El S-71, el más antiguo de los tres S-70 de la Armada, con más de 32 años de servicio, participa en un ejercicio con una unidad de la Fuerza de Guerra Naval Especial, así que solo serán necesarias unas horas de navegación e inmersión. Suficientes para que un novato atisbe cómo se vive dentro del 'tubo'. Todos son voluntarios, claro. «Aquí no se puede venir obligado», ilustra el comandante Carrasco. Pura vocación por 1.200 euros al mes para los marineros. Unos 1.800 para un oficial. El alférez de navío Carlos Martínez, de 29 años, quería esta vida desde pequeño, cuando su padre, también militar, también submarinista, le contaba historias sobre las proezas navales de Isaac Peral. Dos tremendos bocinazos sacan de la ensoñación a cualquiera. «Alerta de inmersión». Luz roja en el rincón del sónar. La zona de mando es un hervidero. Al fondo se divisa un largo pasillo de no más de un metro de ancho en el que se aprovecha hasta el más mínimo hueco. La única ducha. Dos retretes. El manual de instrucciones del buque (en francés) y algunas de las más de mil cajas de repuestos distribuidas estratégicamente por toda la nave. El camarote del comandante, el único que cuenta con habitación propia, es una 'suite' de dos metros cuadrados con aseo propio, pero comparte la ducha con el resto de la tripulación. Una norma no escrita de a bordo establece un baño (y rapidito) por persona cada tres días, por razones operativas. «Una de las primeras cosas que se pierden aquí dentro es el olfato», ilustra un cabo primero. Al poner el pie en el 'Galerna', una rara mezcla de olor a salitre, humedad, humanidad y grasa industrial sacude la cabeza.
Aprender a coscorrones
No es lo único que golpea al visitante, que aprende sobre la marcha a moverse por el submarino como un contorsionista. Un saliente metálico y traidor en la sala de máquinas es el culpable del primer golpe en la coronilla, con chichón incluido. «En el 'tubo' se aprende a base de coscorrones», certifica el enfermero de la dotación, teniente Raúl Sánchez, de 34 años, casado y padre de dos gemelas de 5. «Uno se acostumbra rápido. Las brechas no son un problema. Hay que tener más cuidado cuando uno se resfría o tiene gripe, porque cae toda la tripulación. Aquí no se pueden abrir las ventana para ventilar», sonríe. Por eso se hacen revisiones médicas antes de embarcar. «Suelo atender dolores musculares, tapones en los oídos... y hay que tener cuidado con las heridas, por pequeñas que sean. Son difíciles de cicatrizar por la atmósfera del submarino. Además, no tener un solo momento de intimidad resulta duro. En el submarino estás siempre pegado a alguien», ilustra. Porque también hay que tener cuidado con la ansiedad. Los últimos días antes de llegar a puerto «se hacen muy cuesta arriba», se sincera el comandante. «Lo peor es no ver la luz del sol», aclara rotundo el marinero José Ramón Morente.
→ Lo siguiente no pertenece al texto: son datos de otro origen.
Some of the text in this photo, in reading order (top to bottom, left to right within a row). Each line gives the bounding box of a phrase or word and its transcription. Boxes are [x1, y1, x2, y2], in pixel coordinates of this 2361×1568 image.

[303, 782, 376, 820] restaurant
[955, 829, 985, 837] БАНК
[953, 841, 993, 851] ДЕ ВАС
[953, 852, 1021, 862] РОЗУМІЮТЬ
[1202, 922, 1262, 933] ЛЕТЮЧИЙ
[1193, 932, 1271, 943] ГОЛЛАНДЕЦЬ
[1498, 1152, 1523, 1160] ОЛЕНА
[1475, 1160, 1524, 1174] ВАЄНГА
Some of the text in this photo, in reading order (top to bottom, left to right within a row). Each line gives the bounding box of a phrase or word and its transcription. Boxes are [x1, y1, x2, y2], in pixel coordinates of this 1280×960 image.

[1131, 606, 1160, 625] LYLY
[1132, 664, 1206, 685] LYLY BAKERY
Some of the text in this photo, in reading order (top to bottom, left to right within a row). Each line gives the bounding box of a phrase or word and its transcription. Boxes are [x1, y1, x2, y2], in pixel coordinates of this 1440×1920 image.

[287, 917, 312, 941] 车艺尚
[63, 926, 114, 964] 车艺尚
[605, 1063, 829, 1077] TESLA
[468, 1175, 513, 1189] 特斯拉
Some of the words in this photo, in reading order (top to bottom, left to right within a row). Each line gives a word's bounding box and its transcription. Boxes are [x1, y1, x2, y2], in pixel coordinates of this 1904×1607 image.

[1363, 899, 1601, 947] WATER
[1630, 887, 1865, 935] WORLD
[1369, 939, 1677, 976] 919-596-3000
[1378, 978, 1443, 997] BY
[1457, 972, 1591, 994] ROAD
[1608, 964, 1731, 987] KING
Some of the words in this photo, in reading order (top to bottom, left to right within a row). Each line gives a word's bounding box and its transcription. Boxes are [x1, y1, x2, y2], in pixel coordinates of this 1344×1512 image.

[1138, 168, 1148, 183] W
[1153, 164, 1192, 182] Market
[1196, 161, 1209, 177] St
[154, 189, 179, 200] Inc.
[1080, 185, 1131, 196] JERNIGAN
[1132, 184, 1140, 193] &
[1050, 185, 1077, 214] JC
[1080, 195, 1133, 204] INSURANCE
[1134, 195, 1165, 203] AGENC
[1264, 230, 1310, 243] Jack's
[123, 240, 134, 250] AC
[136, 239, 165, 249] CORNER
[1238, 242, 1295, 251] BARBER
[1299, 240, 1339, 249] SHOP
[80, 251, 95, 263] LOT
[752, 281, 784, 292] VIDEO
Películas, cartas y parchís
Es fácil comprobarlo al ver las camas de la tripulación. Detrás de una cortina aparecen siete literas en un camarote minúsculo, poco mayor que el aseo de un avión. Los catres son un bien escaso. Sobre todo en tiempos de guerra, cuando las estibas de proa, hoy llenas de colchones, dejan paso a los torpedos. Hasta 16. En tiempos de paz se duerme mejor. «Ahora tenemos 64 camas, a una por tripulante». Lleva la cuenta Juan José Andreu, segundo de a bordo: 'la madre'.
Un regalo para una dotación acostumbrada a la 'cama caliente': mientras un compañero hace la guardia, otro duerme. Cuando acaba su turno, ocupa el colchón que ha dejado el otro. Pero el momento más celebrado del día es el de la comida. En la cocina, César Manzanares y Noelia Segovia se afanan colocando víveres en la diminuta despensa y pelando verduras. La tripulación se va a despachar unos bocatas para el almuerzo. Pero el menú, cuando hay semanas de navegación por delante, no tiene desperdicio: «Pollo al horno, pescado, solomillo de cerdo, platos de cuchara como lentejas y cocido... La comida es muy importante para que la gente disfrute. Si das mala comida, se nota muchísimo en el ánimo. Ahora voy a hacer crema de zanahoria, y me salen de muerte el churrasco de cerdo con salsa de chimichurri y el arroz con pollo», se crece Manzanares, lorquino de 25 años. Los cocineros, además, son los únicos que se pueden duchar todos los días. Por motivos de higiene, claro.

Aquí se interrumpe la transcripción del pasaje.